I.                   Introduction

In the last decade of the twentieth century, the process of internationalization of production and trade has been intensified. It is a process of opening of nacional markets in terms of free flow of goods, capital and labor. Moreover, it contributes to sustainable development by offering better conditions under which goods are produced and traded. The dominant economic entities are transnational corporations as the main driving forces of economic growth. In its business strategy, the global market is considered as a unique system. One of the trends that stimulate the process of globalization of the world economy is intensified institutional integration of the state, especially in the area of economic cooperation.

Trends in international financial flows enable private companies access to international financial markets in order to collect additional resources need to operate internationally. Growing freedom in trade in goods and services is closely linked to developments in the financial and capital markets. Such trends include one by one the countries that had a different form of economic organization. The transformation of the global economy is accompanied with fundamental changes in the nature of economic policy in most countries. This particularly applies to the Western Balkan countries.

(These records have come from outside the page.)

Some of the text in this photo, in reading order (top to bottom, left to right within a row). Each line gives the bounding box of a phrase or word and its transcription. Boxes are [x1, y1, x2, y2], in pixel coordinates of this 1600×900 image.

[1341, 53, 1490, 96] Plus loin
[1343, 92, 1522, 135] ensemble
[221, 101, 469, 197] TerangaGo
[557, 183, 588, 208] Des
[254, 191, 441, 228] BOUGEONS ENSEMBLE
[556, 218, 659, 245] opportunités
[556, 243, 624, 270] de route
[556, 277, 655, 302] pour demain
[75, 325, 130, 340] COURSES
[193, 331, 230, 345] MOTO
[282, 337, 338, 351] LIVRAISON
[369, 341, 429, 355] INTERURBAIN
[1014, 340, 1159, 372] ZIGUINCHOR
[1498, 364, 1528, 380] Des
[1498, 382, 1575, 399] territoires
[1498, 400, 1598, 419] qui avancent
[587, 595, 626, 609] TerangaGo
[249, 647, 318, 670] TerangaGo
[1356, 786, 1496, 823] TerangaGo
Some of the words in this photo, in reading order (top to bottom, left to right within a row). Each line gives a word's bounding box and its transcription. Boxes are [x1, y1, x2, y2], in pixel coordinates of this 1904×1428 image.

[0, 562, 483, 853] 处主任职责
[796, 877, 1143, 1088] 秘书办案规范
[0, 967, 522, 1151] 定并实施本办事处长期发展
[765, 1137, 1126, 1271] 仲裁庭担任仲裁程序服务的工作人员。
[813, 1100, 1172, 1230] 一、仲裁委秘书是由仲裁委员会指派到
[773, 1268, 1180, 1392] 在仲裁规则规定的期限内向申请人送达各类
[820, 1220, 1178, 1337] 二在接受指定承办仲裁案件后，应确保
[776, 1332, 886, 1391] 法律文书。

In recent years the growing volume of financial transactions contributed to the ongoing changes in the structure of the financial system and greater integration of regional markets. As a result, inter-regional mobility of capital has become an important determinant that affects the economic activity (Buch, 2000).

Another opinion provided by Levine (2001) is that the international mobility of capital allows efficient global allocation of savings transfer of financial resources to their most productive use, thereby increasing economic growth and wealth of the world. In line with a greater degree of economic openness, many countries remove or relaxation of legal restrictions on capital flows in order to stimulate the flow of financing as weel as facilitate financing of their own deficits. This view can be supported by Buch (2000) suggesting that there are various indirect barriers that prevent greater financial integration. As such barriers may occur asymmetric information between domestic and foreign investors, preferences and fixed costs are entering the market and cultural differences There are also economists like Krugman and Rodrik who focus on considering the financial integration phenomenon suggest that, due to financial integration, the risk of damage it causes may exceed its benefits (Alfaro, Kalemli-Özcan, Volosovich, 2006). In recent decades, Western Balkan countries have begun the process of transition from one economic system to a market-oriented and are still in the midst of earlier stages of the model. However, the model of transition in those countries is different, with varying degrees of success and the many difficulties they face. These problems are the lack of adequate economic structure, technological backwardness, high indebtedness, unemployment, lack of own financial resources, etc. Opening up to trade is important issue in small countries with closed economy.

 

II.                The impact of capital account liberalization on the economy of WB countries

As the side effects of the process of globalization, liberalization of national financial systems, freedom of international capital flows and the internationalization of banks and companies have had to contribute to greater efficiency of the world economy and financial markets.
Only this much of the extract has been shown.